Only the pictures should be left out; repeat the rest of the data exactly.

*** Opening of Exercise inputs ***

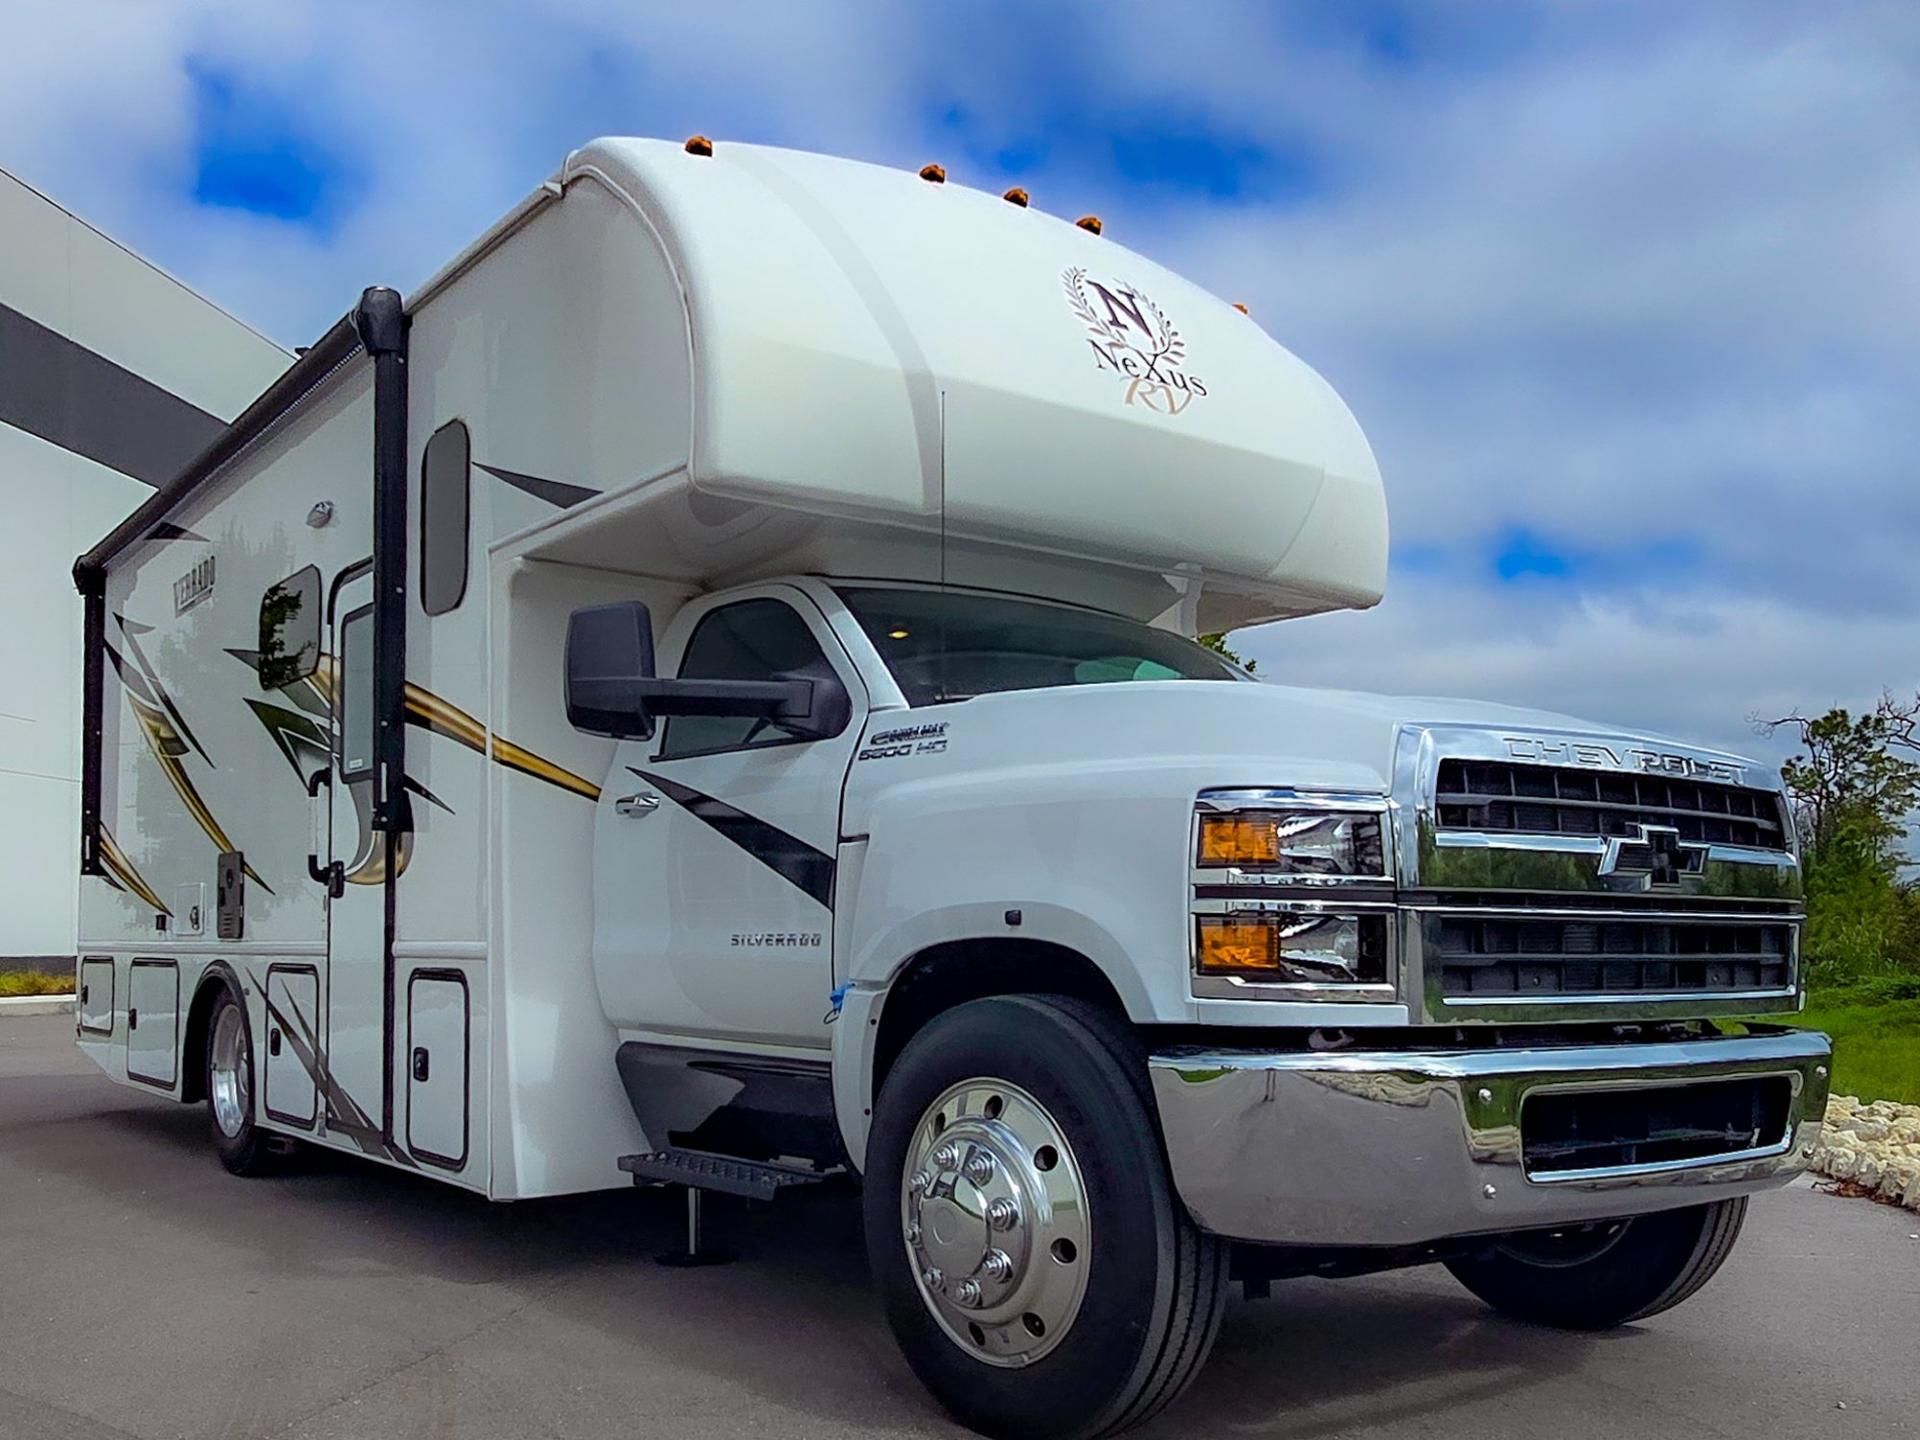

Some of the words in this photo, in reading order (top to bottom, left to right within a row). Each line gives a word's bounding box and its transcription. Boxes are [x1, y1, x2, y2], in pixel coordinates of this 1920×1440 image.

[1085, 279, 1158, 351] N
[1086, 338, 1207, 396] NeXus
[1122, 376, 1193, 415] RV
[1502, 737, 1748, 786] CHEVROLET
[731, 933, 822, 947] SILVERADO
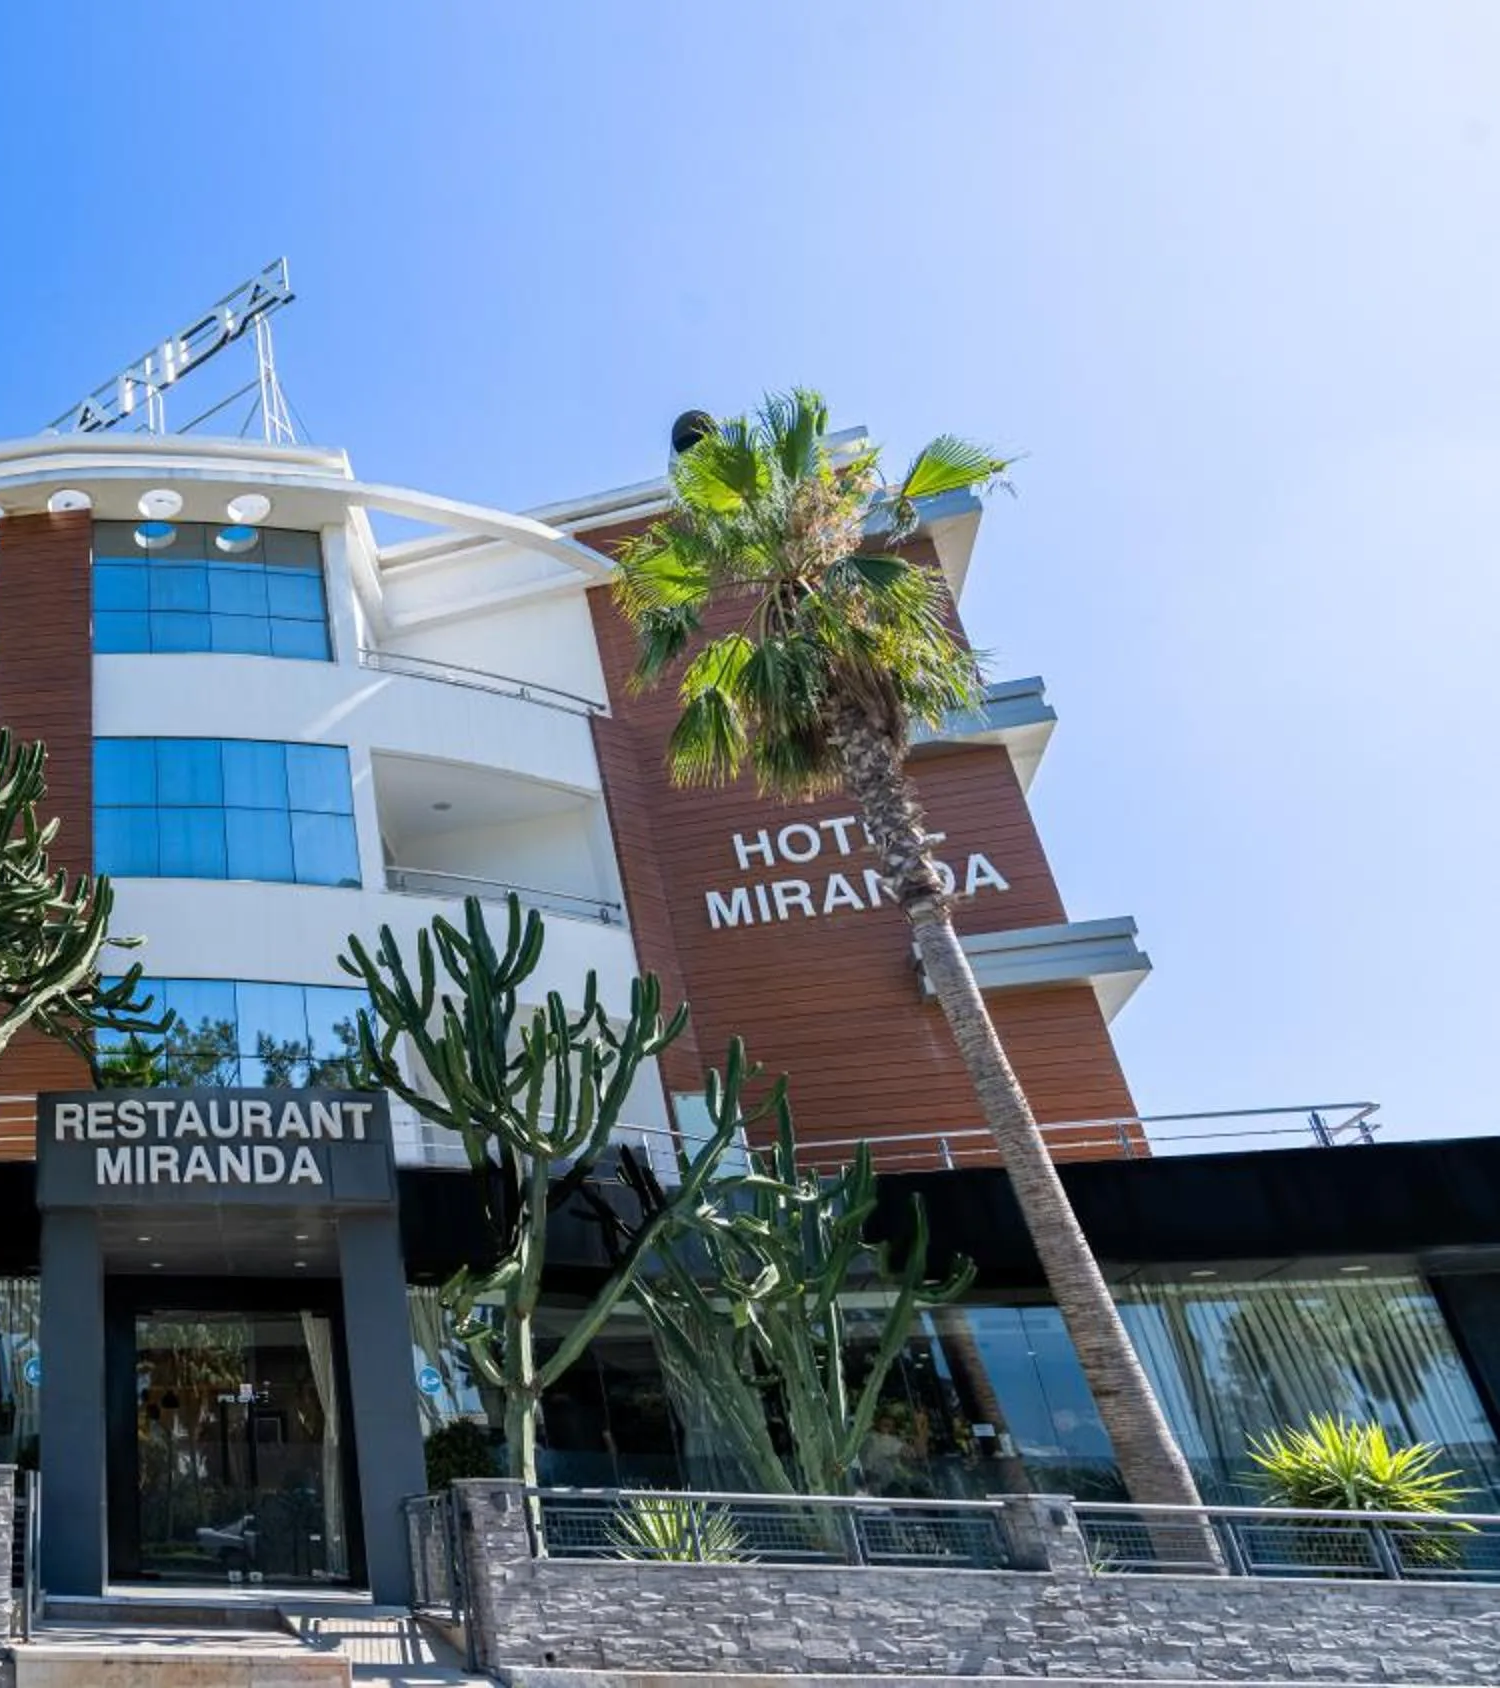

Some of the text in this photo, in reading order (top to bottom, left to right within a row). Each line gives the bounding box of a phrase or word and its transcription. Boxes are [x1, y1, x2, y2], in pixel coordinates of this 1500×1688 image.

[50, 270, 296, 434] ANDA
[732, 815, 947, 871] HOT
[54, 1099, 373, 1141] RESTAURANT
[96, 1145, 324, 1185] MIRANDA
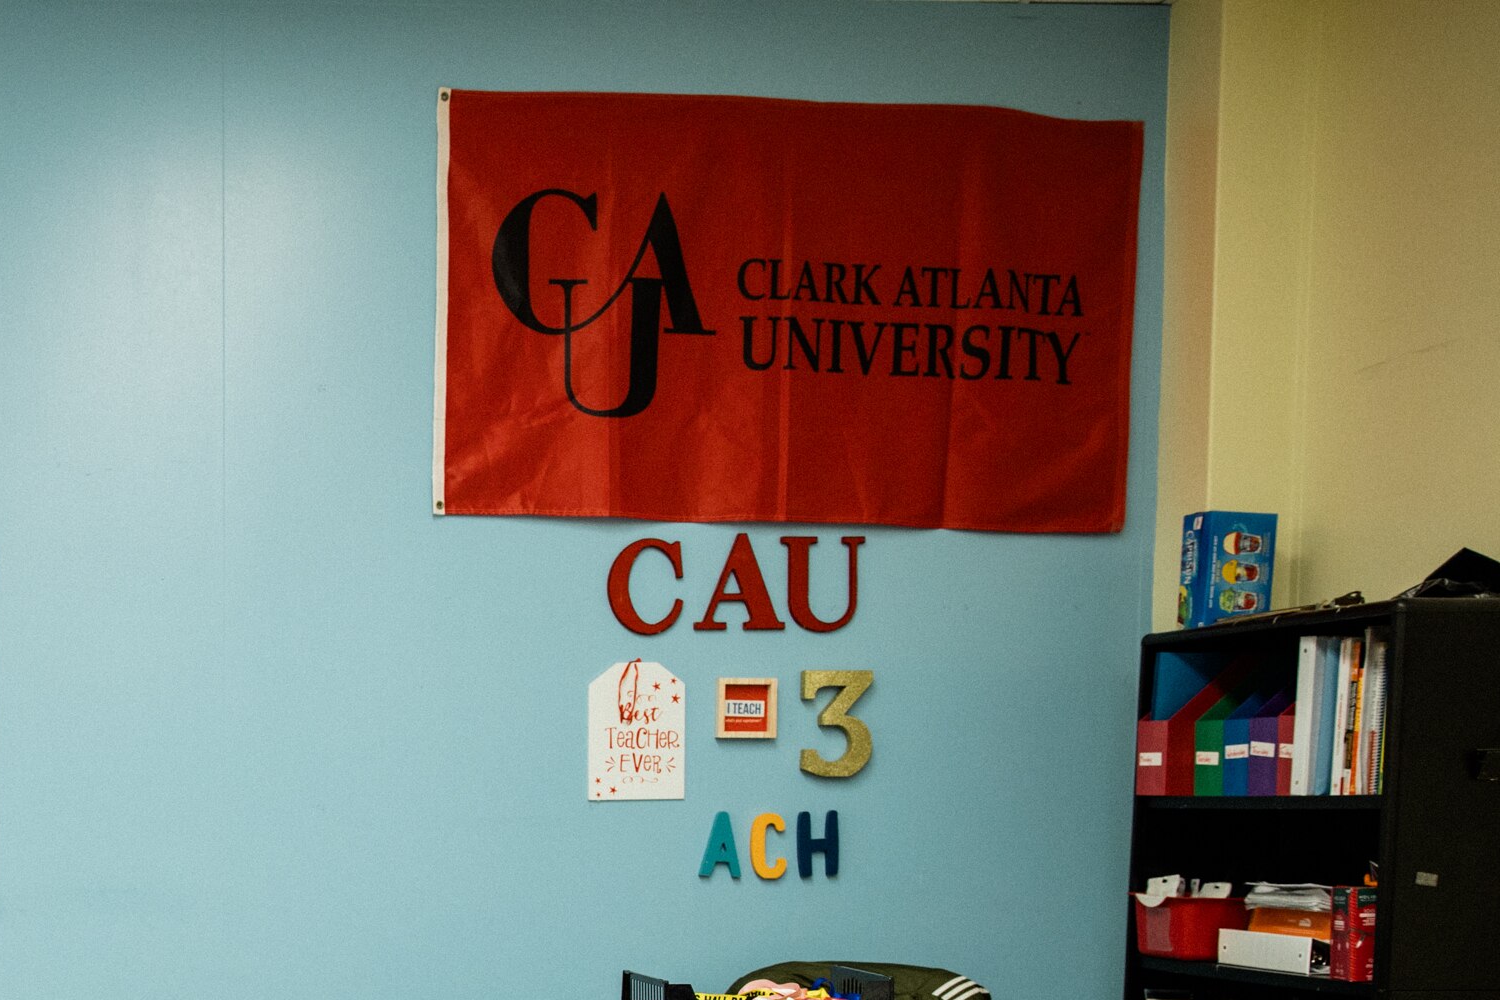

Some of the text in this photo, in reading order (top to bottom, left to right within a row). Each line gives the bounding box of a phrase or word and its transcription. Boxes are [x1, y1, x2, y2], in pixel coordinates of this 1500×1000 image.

[736, 256, 1084, 318] CLARK ATLANTA
[737, 315, 1083, 386] UNIVERSITY
[606, 532, 867, 636] CAU
[733, 702, 762, 715] TEACH
[799, 669, 874, 779] 3
[698, 809, 840, 880] ACH

*** Close of Exercise inputs ***

The answer
Some of the words in this photo, in reading order (top to bottom, left to right within a row). Each line gives a word's bounding box and its transcription. Boxes are [x1, y1, x2, y2], in pixel coordinates of this 1920×1440 image.

[1085, 279, 1158, 351] N
[1086, 338, 1207, 396] NeXus
[1122, 376, 1193, 415] RV
[1502, 737, 1748, 786] CHEVROLET
[731, 933, 822, 947] SILVERADO

Some of the text in this photo, in reading order (top to bottom, left to right within a row). Each line gives the bounding box of a phrase or word and its transcription. Boxes are [x1, y1, x2, y2], in pixel coordinates of this 1500×1688 image.

[50, 270, 296, 434] ANDA
[732, 815, 947, 871] HOT
[54, 1099, 373, 1141] RESTAURANT
[96, 1145, 324, 1185] MIRANDA

Some of the text in this photo, in reading order (top to bottom, left to right within a row). Each line gives the bounding box of a phrase or word and its transcription. Boxes are [x1, y1, x2, y2], in pixel coordinates of this 1500×1000 image.

[736, 256, 1084, 318] CLARK ATLANTA
[737, 315, 1083, 386] UNIVERSITY
[606, 532, 867, 636] CAU
[733, 702, 762, 715] TEACH
[799, 669, 874, 779] 3
[698, 809, 840, 880] ACH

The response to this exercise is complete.